Dominantieprofiel, een term die Natasja en ik dagelijks gebruiken en ook het uitgangspunt is van veel wat wij doen in ons gezamenlijke werk. Zeker bij de Kernopleiding Beelddenken. We besteden er een hele dag aan. Dus dan weet je wel wat het is. Nou ja, wat wij ermee bedoelen. Want dat je hetzelfde woord gebruikt, wil niet zeggen dat je er ook dezelfde betekenis aan geeft. Iets waar in de communicatie tussen beelddenkers en taaldenkers regelmatig wat mis gaat.
Daarover binnenkort meer.

Waar denk jij aan bij het woord: Dominantieprofiel?

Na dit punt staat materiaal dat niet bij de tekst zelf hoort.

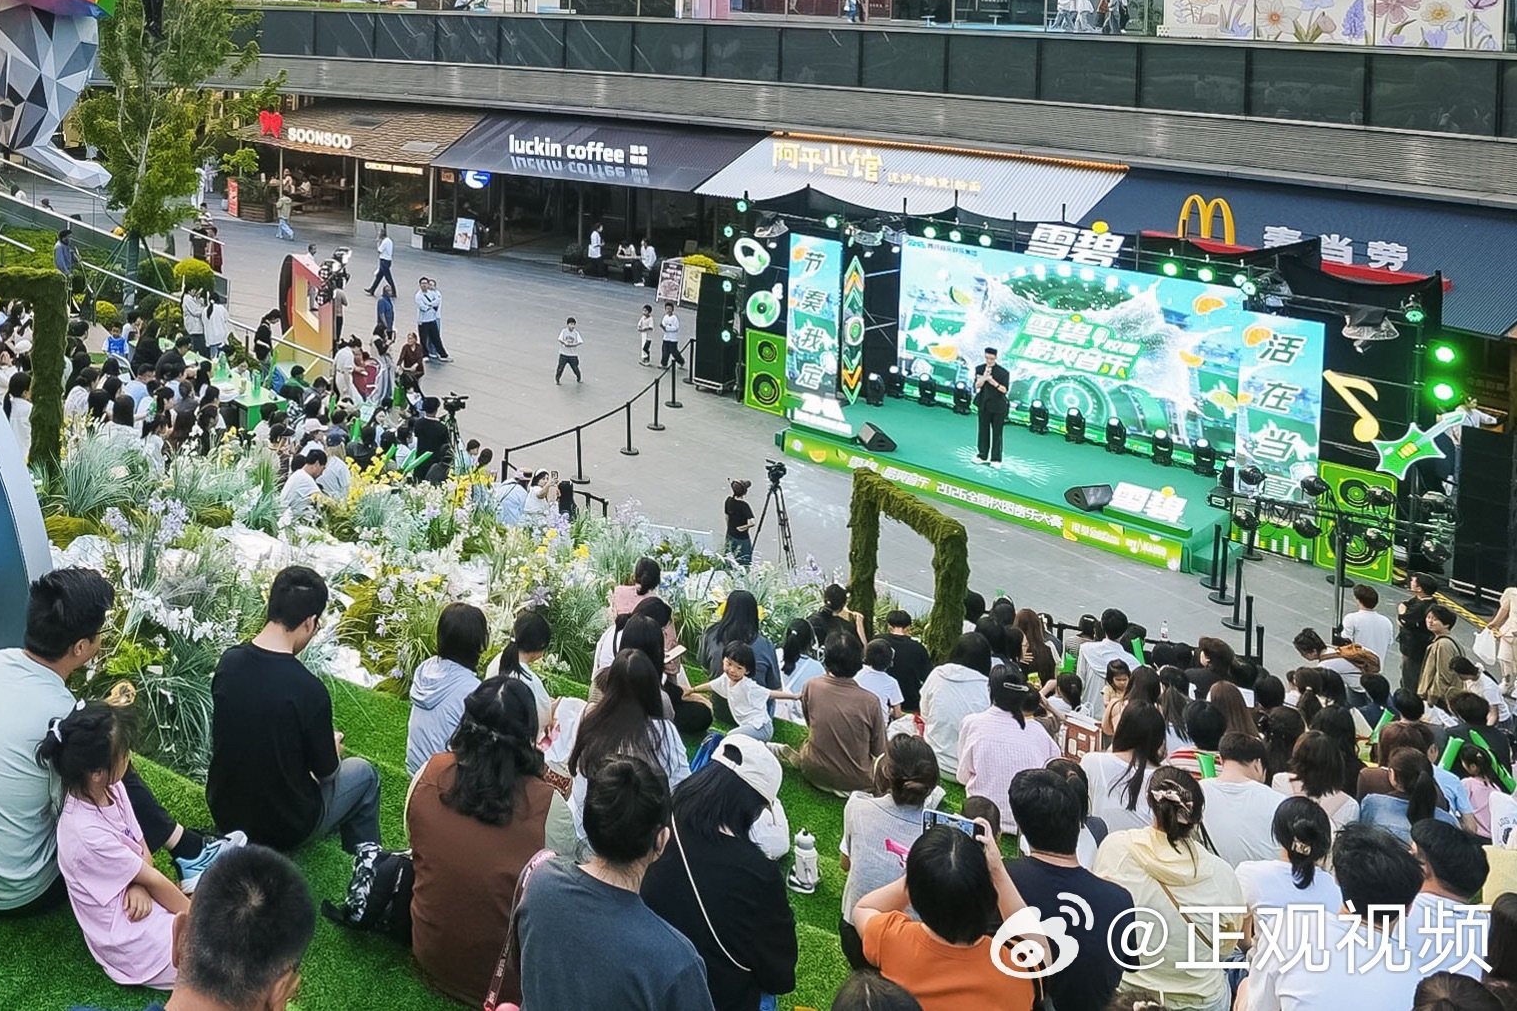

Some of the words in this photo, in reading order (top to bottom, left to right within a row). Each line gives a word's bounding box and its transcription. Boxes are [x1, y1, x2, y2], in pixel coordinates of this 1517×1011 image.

[287, 127, 352, 150] SOONSOO
[509, 134, 562, 158] luckin
[566, 141, 625, 164] coffee
[772, 142, 883, 183] 阿平小馆
[1024, 222, 1125, 268] 雪碧
[796, 251, 826, 387] 节奏我定
[1025, 312, 1094, 346] 雪碧
[1111, 481, 1188, 524] 雪碧
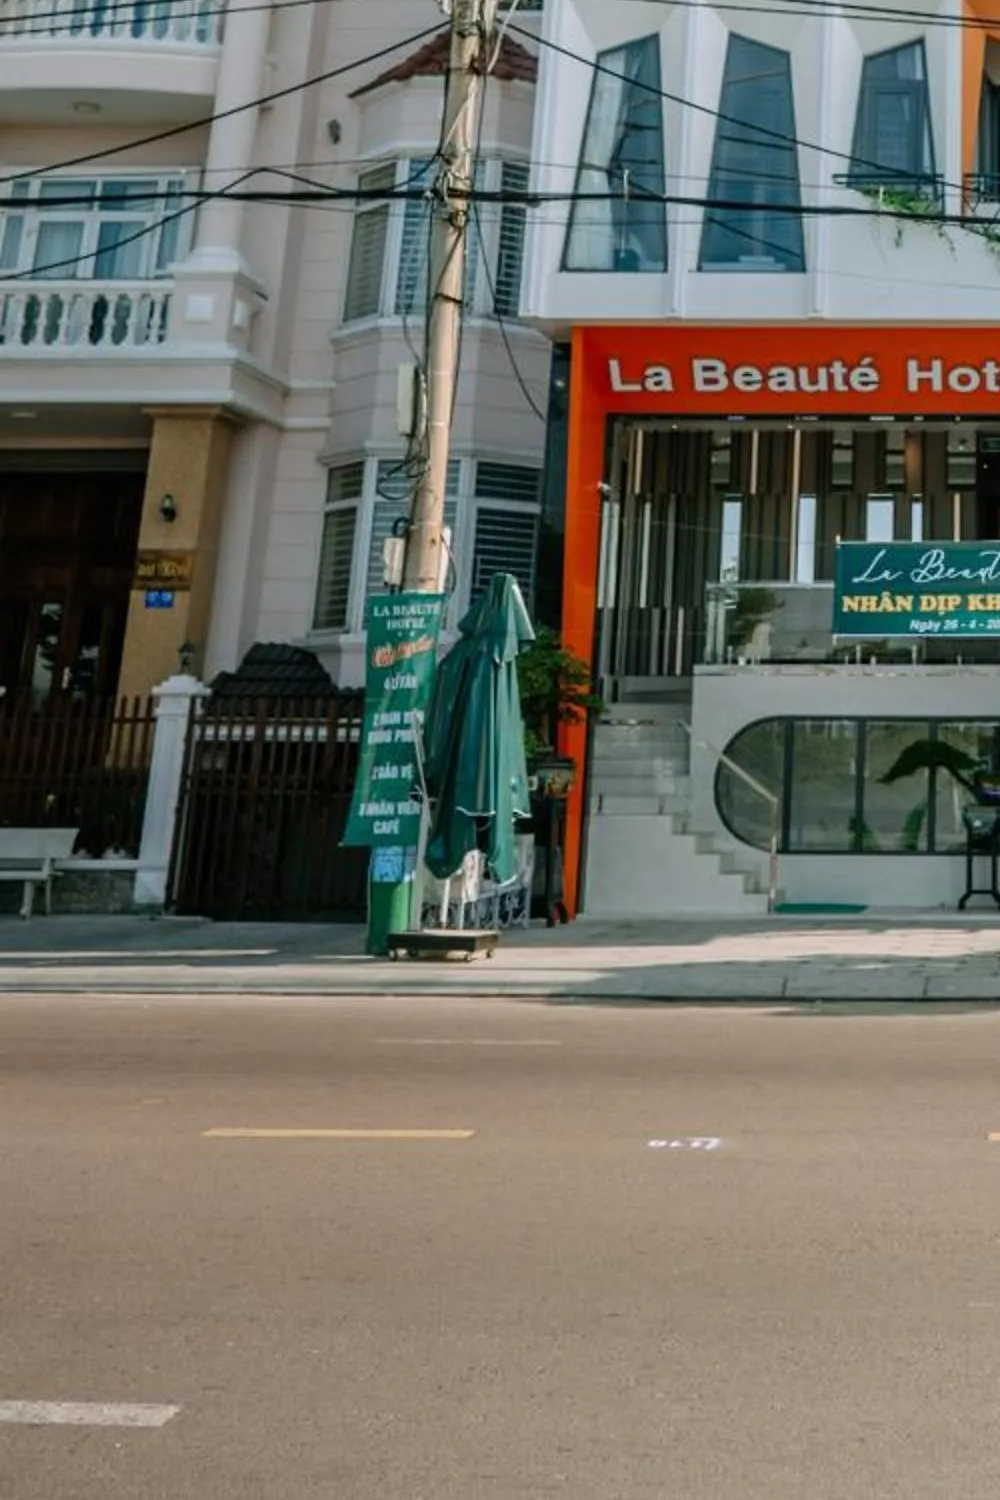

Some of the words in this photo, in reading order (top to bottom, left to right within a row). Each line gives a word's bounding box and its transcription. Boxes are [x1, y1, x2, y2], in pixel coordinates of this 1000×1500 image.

[608, 359, 673, 393] La
[692, 357, 880, 393] Beauté
[852, 549, 903, 583] La
[842, 592, 913, 612] NHÂN
[920, 594, 961, 616] DỊP

Eigenlijk is dat de eerste vraag die we tijdens een cursusdag moeten stellen. We gaan altijd uitleggen wat wij ermee bedoelen, maar vergeten dat zeker beelddenkers er zelf al een beeld bij hebben gemaakt. Als je daar naar gaat vragen, krijg je interessante antwoorden. Dus ik vroeg een aantal bekenden: Waar denk je aan bij het woord dominantieprofielen?

De één: “Tjonge, wat een vraag. Heeft dat met auto’s te maken? Profielen van banden ofzo. Slaat nergens op. Ik heb geen idee.”

De ander: “Ook geen term die ik gebruik hoor. SM? Ja, dan vertaal ik het naar dominant, en denk ik aan SM.” Krijgen de termen bottum-up en topdown ook een hele andere betekenis. 😉

Met beelddenkers in de zaal kun je je voorstellen dat het associëren nog niet afgelopen was.
Gelukkig is Encyclo.nl er ook nog en dan merk ik dat het blijkbaar geen woord is uit een woordenboek. Dan moet ik gaan zoeken op dominant en profiel:
Dominant: als iets of iemand meer invloed of macht heeft dan de rest.
Profiel:  1) gezicht dat je van opzij ziet 2) beschrijving van iemands eigenschappen 3) oppervlak van ribbels en putjes en dergelijke (bandenprofiel)

Dat maakt ons dominantieprofiel, met een overzicht van je dominante zintuigen, dan een beschrijving van iemands eigenschappen waarbij de ene meer invloed heeft dan de ander. Dat profiel zetten wij voor je op papier, met uitleg en wat de dominantie dan voor gevolgend heeft voor hoe jij leert en denkt. Dat vraagt toch nog om wat meer uitleg.

Wat is een dominantieprofiel bij Het Beelddenkende Brein?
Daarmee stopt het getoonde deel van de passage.